Las paradas se sucedían de forma más y más espaciada, en nuestro viaje. ¿A dónde vamos ahora, conductora? ¿Llegaremos al fin a la periferia y regresaremos después, alguna vez, al centro? Ella sujetaba su volante, por toda y consecuente respuesta a una pregunta no verbalizada. Miraba a uno y otro lado de la calzada, precavida; sobre todo en los cruces: con eso nos bastaba, porque quizás a esas alturas ya no parásemos nunca.
jueves, 17 de julio de 2008
Aventuras asombrosas
Me dormí en los aledaños de la pendiente que daba comienzo a la montaña y soñé que coronaba su cima.
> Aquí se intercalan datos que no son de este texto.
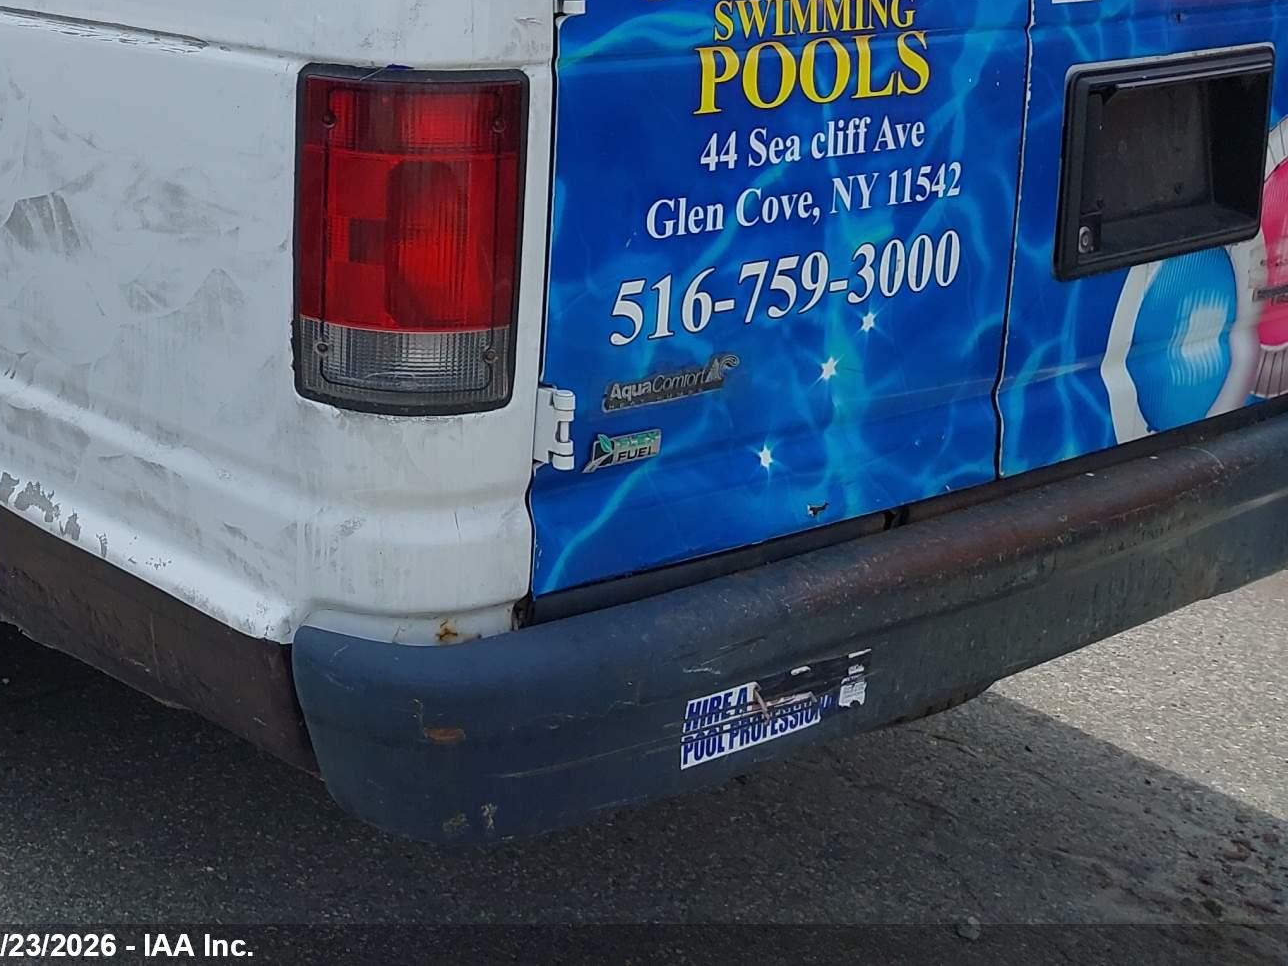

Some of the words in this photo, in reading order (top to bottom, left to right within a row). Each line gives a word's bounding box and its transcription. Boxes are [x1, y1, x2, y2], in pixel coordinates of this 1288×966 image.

Al despertar sentí una felicidad que me duró hasta comprender que no puedes culminar una ascensión sin ascender. Caído en la cuenta empecé a subir, mas la ilusion me faltaba: ya estuve allí hacia donde iba.
Tuve que dejar otra vez la cumbre a mis espaldas, regresar sin su secreto.
viernes, 11 de julio de 2008
lunes, 7 de julio de 2008
Aventuras asombrosas
Todo lo lejos que podía, me alejaba. Era una cuestión de vida o muerte, y porque yo vivía todavía prefería no morir: era así de sencillo, vital como un juego mortal, mortal de necesidad. No era una necesidad abandonarme a esa frívola justicia, tampoco era justo: yo ansiaba otra clase de frivolidades.
Lo despistaba con una habilidad fuera de duda que ensayaba tanto como ejercía: cuando aún había cines, en las sesiones de noche, yo me ocultaba mimetizándome con los héroes del cine negro, con los galanes del cine romántico, en los galones de los actores borrachos; después, borracho y en los salones de juego, yo era mi propia apuesta: perdía siempre, por eso mis maneras a las mesas eran las de un perpetuo ganador. Cuando decían mi nombre por megafonía porque él preguntaba en recepción por mí, yo ya me había ido. A otros lugares, con otros nombres.
A veces, en playas o en casinos, en cruceros o desiertos, en climas tropicales, en paisajes helados, yo debía preguntar por el nombre del lugar. También, a veces, por mi nombre. No por el alcohol, el alcohol llegaba siempre: con todos sus nombres, dispuesto a saciar mis dudas. Han pasado los años y sigo huyendo. Tuve hijos, creo que también huyen. Quizás me busca un hijo, quizás mi propio padre. No sé si mi padre murió alguna vez, lo digo porque una vez, en un espejo, creí reconocer un cadáver y no supe si era yo mismo o el fantasma de mi padre. También hace años de eso. Huyo de los espejos, no sé si de mí mismo como mis hijos de su padre. Alquilo coches, tomo aviones; como antes fletaba barcos en la madrugada con la despreocupación furiosamente divertida de mi juventud, hoy paseo por las mañanas con ancianos aburridos, ancianos como yo, desesperadamente aburridos como yo. A estas alturas creo que puedo asegurar el fracaso de mi escapada. Un fracaso sancionado por mi felicidad, por mi aburrida felicidad. Todo fugitivo ansía en secreto el momento de su captura como las viejas vírgenes de los pueblos su noche de bodas, una noche, cualquier noche. Tarde o temprano, mi huida será todo un fracaso. Un éxito, sí.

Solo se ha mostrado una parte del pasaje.